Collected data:
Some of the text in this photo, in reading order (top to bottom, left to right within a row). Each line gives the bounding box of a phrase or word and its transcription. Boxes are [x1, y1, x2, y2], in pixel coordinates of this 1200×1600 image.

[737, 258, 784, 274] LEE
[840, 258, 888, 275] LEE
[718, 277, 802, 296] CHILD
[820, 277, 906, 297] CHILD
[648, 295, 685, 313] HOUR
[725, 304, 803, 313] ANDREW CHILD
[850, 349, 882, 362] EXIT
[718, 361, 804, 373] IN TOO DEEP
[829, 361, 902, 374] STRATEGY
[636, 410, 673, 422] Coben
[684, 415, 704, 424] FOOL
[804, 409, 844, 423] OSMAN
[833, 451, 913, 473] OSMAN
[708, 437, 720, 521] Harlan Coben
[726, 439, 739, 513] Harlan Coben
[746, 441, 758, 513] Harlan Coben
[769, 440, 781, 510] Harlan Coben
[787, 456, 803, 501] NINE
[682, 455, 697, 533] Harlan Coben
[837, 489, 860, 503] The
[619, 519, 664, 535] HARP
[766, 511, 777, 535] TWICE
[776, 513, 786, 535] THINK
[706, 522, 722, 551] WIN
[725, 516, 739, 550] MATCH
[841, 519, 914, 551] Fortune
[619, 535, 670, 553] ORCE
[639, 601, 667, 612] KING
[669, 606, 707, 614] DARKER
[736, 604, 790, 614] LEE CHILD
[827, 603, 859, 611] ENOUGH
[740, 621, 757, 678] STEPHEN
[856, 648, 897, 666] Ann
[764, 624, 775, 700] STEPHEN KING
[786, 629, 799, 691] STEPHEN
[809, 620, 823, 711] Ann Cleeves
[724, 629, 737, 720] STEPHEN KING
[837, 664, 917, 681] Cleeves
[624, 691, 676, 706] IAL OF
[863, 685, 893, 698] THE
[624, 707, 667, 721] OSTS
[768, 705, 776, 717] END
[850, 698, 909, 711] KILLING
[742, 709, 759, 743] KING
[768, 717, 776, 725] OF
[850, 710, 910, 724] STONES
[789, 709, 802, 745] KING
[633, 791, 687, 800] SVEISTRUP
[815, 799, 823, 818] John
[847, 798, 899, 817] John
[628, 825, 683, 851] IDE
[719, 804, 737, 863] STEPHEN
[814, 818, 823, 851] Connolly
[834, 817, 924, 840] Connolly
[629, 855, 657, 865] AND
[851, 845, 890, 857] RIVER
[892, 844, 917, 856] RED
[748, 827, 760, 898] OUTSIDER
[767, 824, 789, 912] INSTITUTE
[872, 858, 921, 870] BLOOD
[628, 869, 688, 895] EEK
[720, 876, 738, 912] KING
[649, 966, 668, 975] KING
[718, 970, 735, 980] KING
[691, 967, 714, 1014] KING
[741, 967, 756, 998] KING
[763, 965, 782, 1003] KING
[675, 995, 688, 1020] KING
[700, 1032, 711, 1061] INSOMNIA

→ **WHAT YOU ARE ASKED TO DO**: Respond with one number only: how many lines of the data contain "Connolly".

→ **YOUR SOLUTION**: 2